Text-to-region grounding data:

===

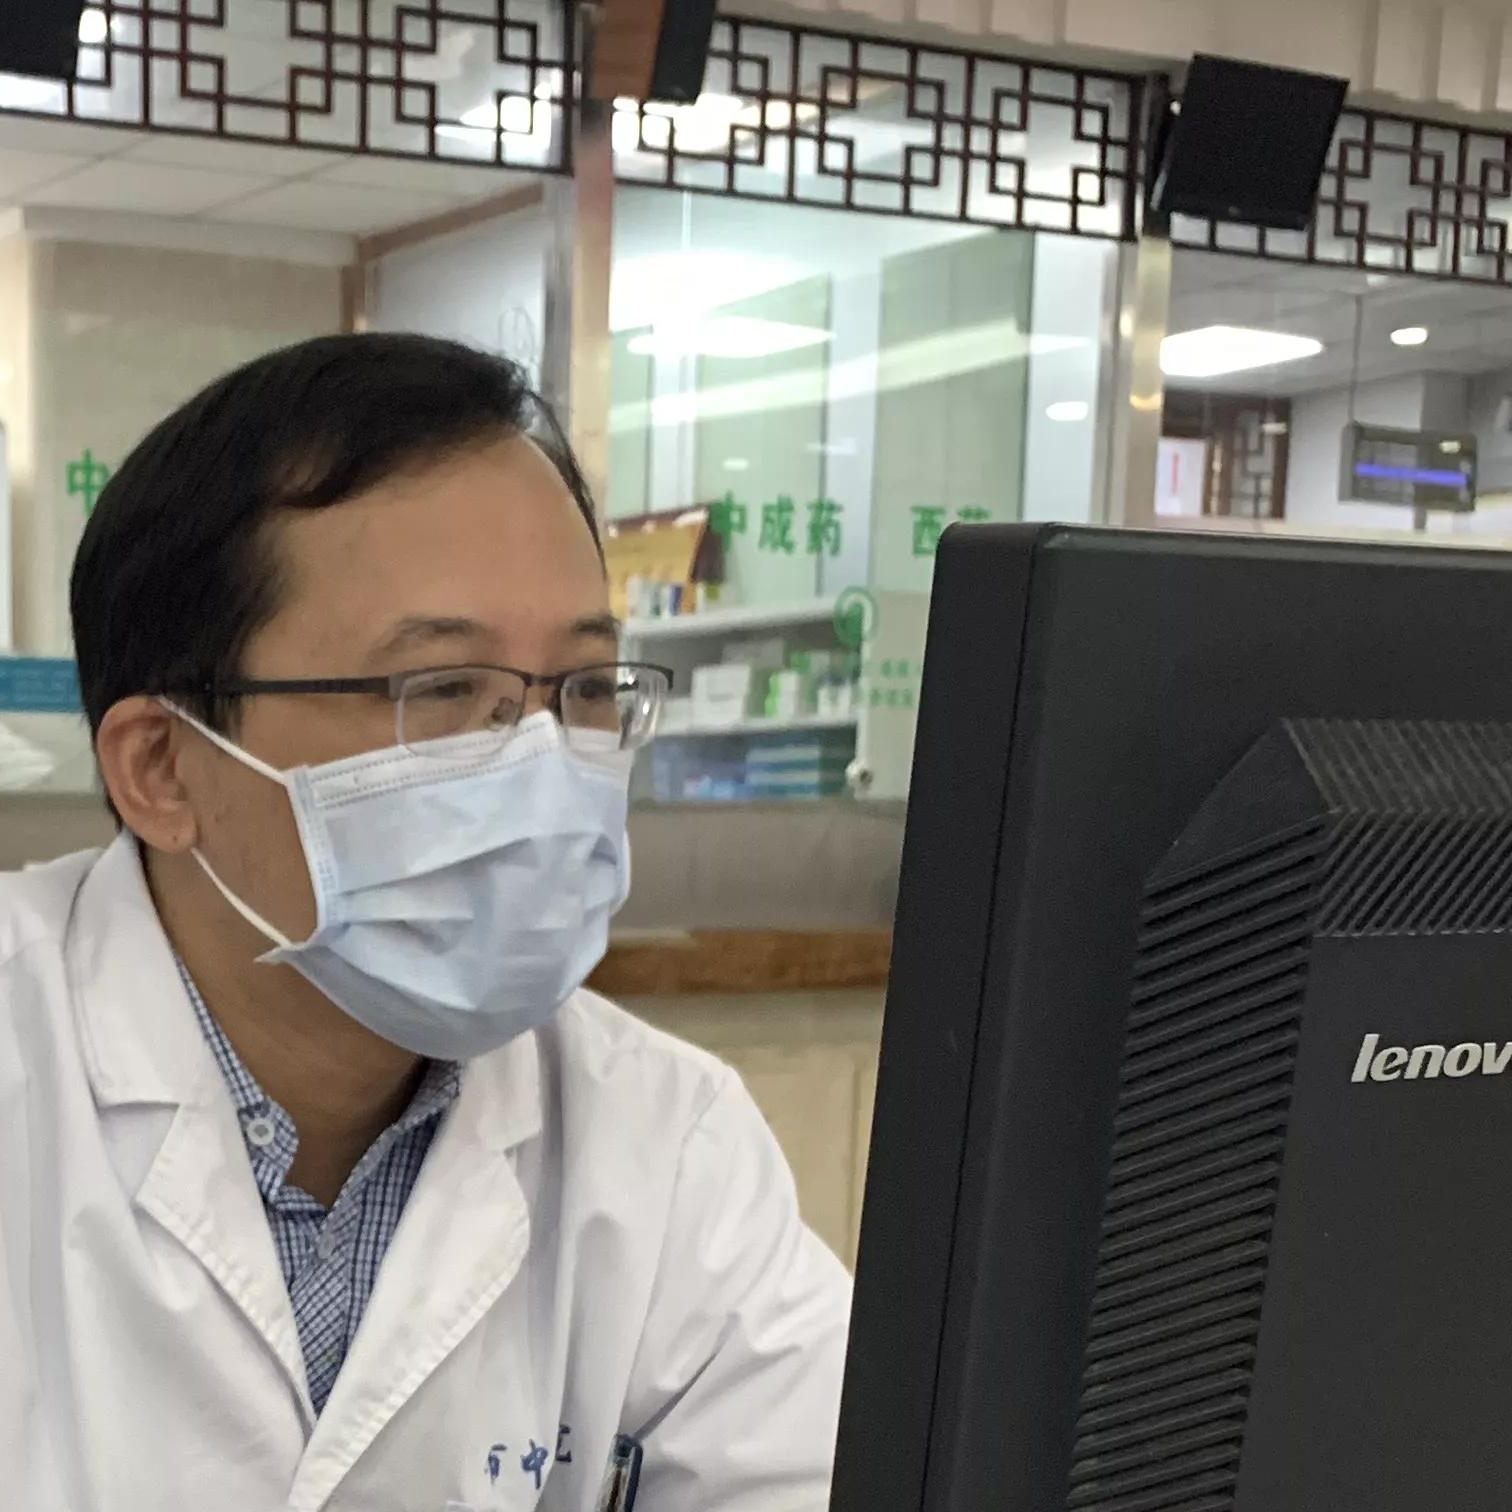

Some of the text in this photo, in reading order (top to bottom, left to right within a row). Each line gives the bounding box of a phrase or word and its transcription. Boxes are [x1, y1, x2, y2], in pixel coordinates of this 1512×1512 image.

[66, 447, 110, 519] 中
[711, 491, 992, 558] 中成药 西
[1350, 1033, 1512, 1083] lenov
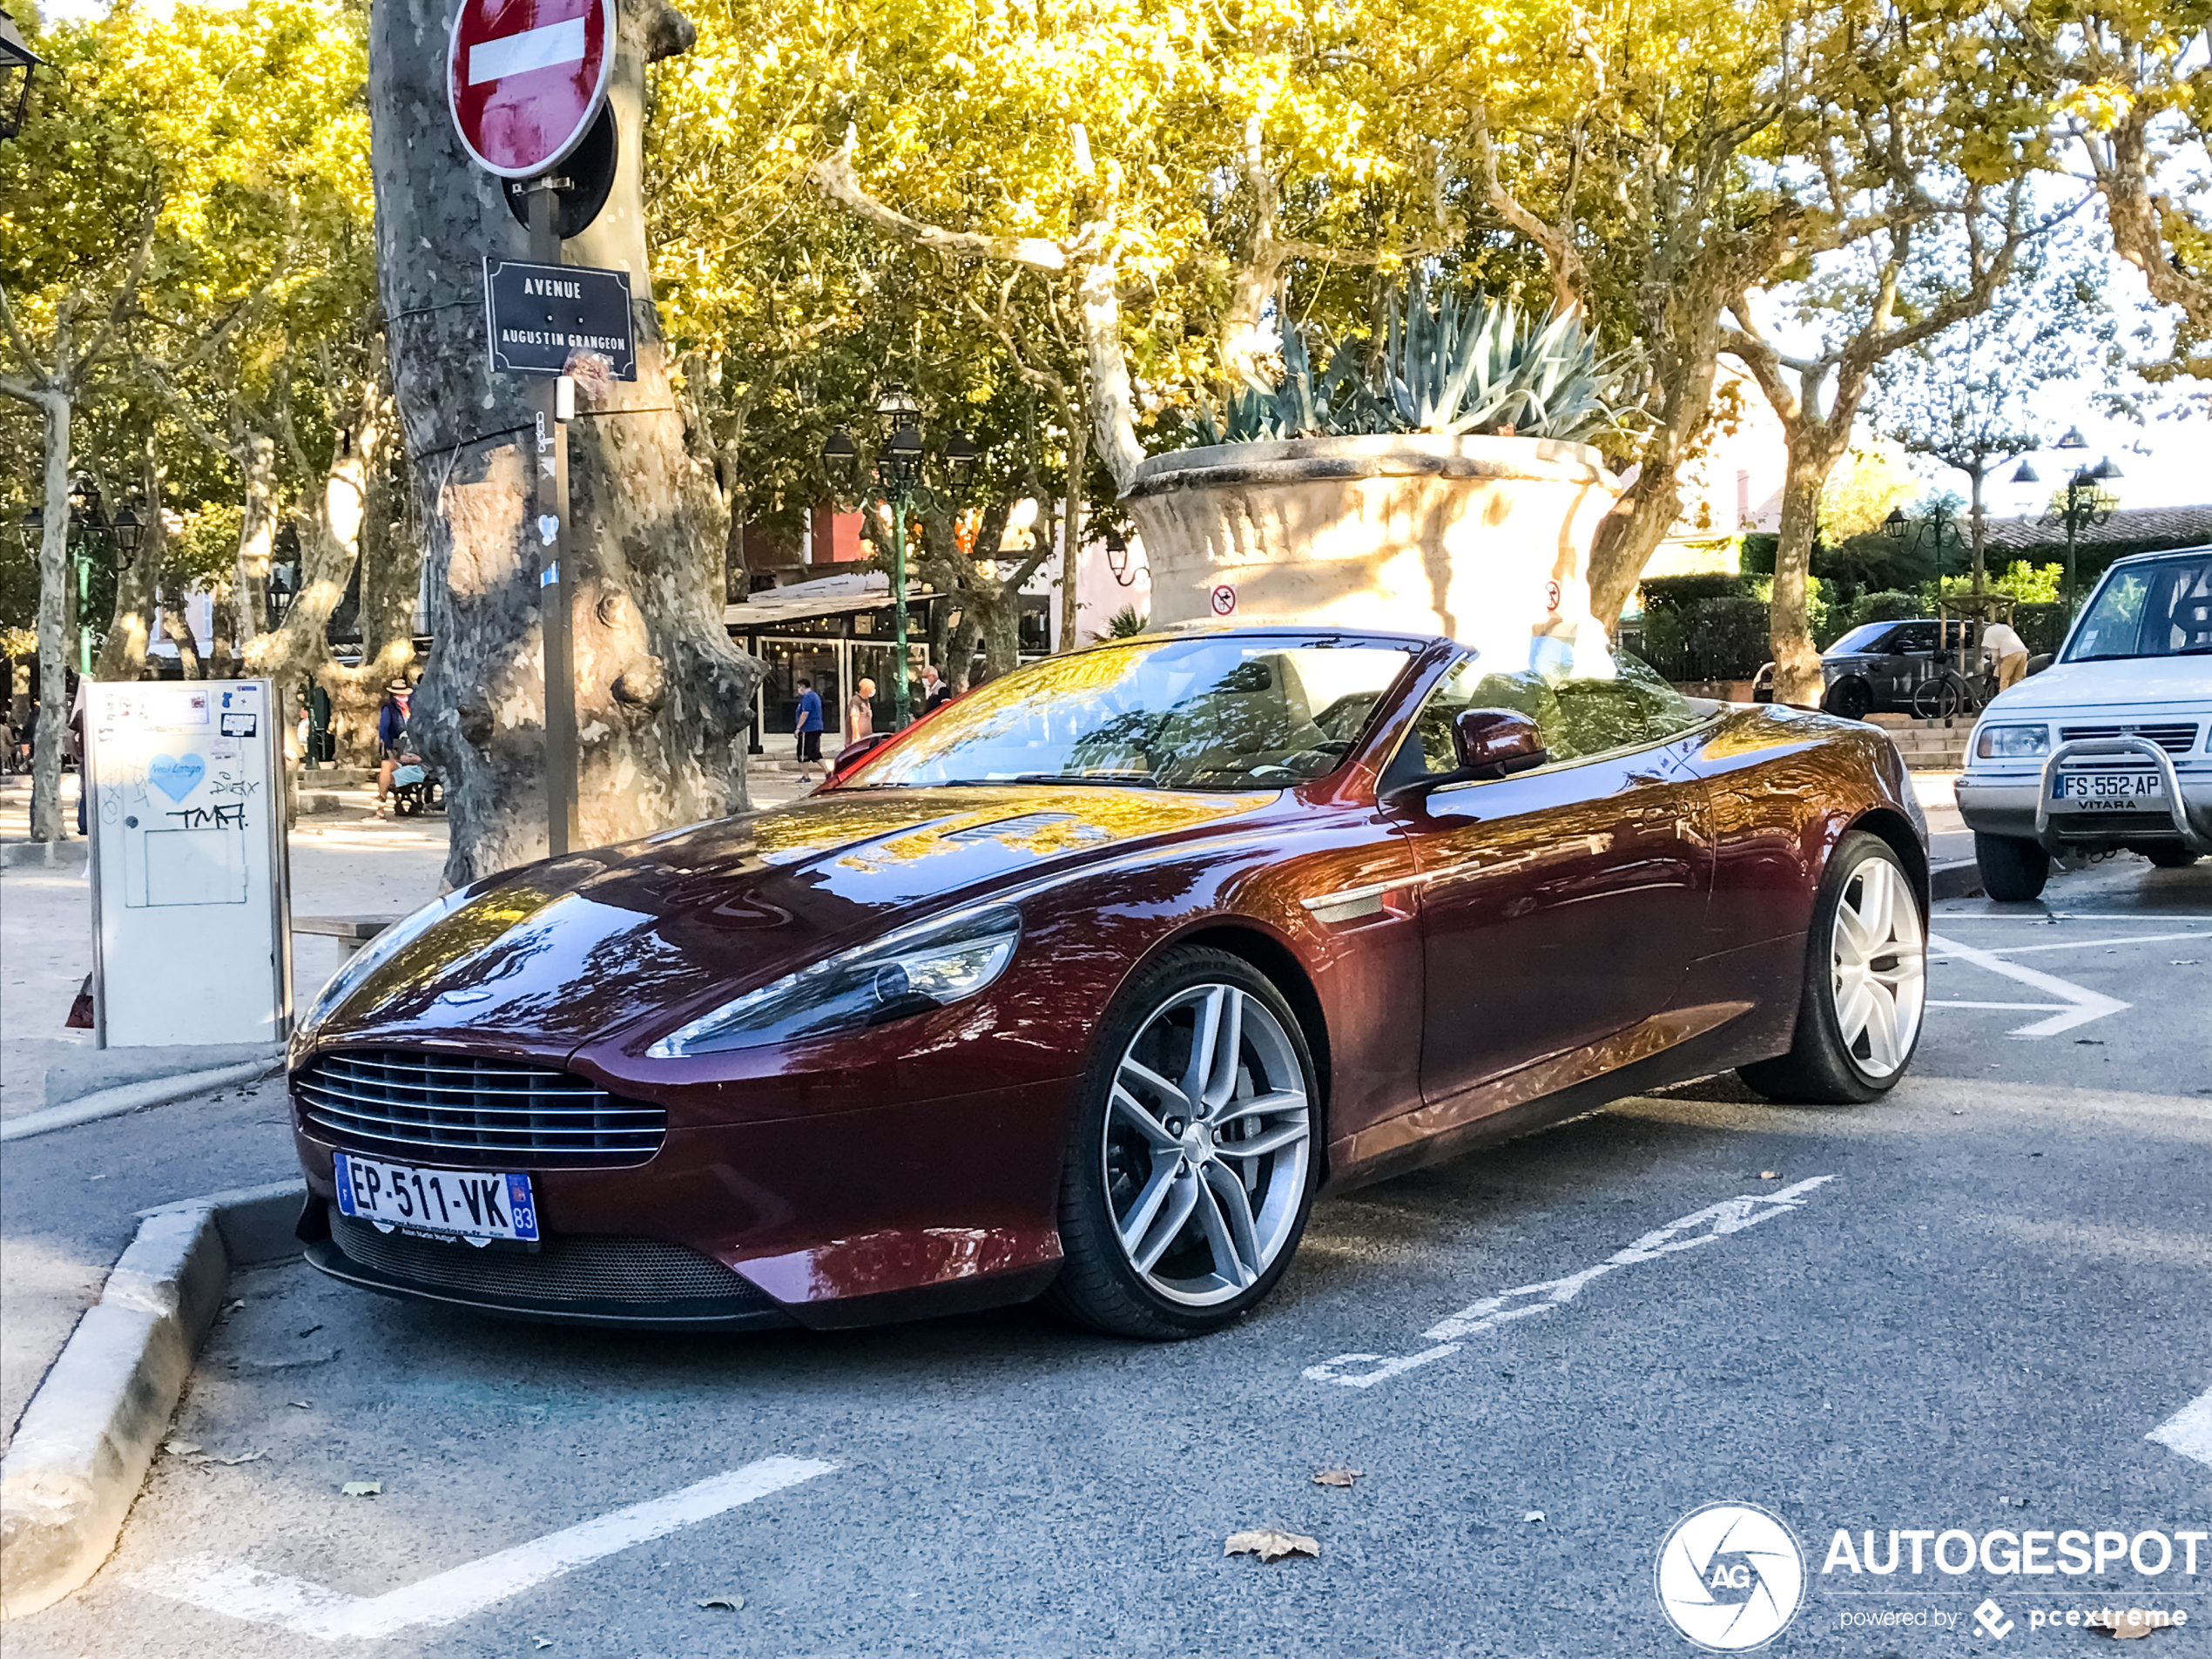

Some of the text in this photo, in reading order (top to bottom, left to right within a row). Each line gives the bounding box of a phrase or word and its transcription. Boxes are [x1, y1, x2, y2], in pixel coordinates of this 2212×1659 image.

[524, 278, 582, 299] AVENUE
[502, 329, 625, 350] AUGUSTIN GRANGEON
[2065, 776, 2159, 796] FS-552-AP
[2079, 800, 2137, 810] VITARA
[350, 1162, 509, 1228] EP-511-VK
[514, 1207, 534, 1229] 83

===

§ WORK REQUIRED
Please repeat, exactly and only, the lines from the one containing "this 2212×1659 image." through the last line of the records, both included.

§ RESPONSE AREA
Some of the text in this photo, in reading order (top to bottom, left to right within a row). Each line gives the bounding box of a phrase or word and its transcription. Boxes are [x1, y1, x2, y2], in pixel coordinates of this 2212×1659 image.

[524, 278, 582, 299] AVENUE
[502, 329, 625, 350] AUGUSTIN GRANGEON
[2065, 776, 2159, 796] FS-552-AP
[2079, 800, 2137, 810] VITARA
[350, 1162, 509, 1228] EP-511-VK
[514, 1207, 534, 1229] 83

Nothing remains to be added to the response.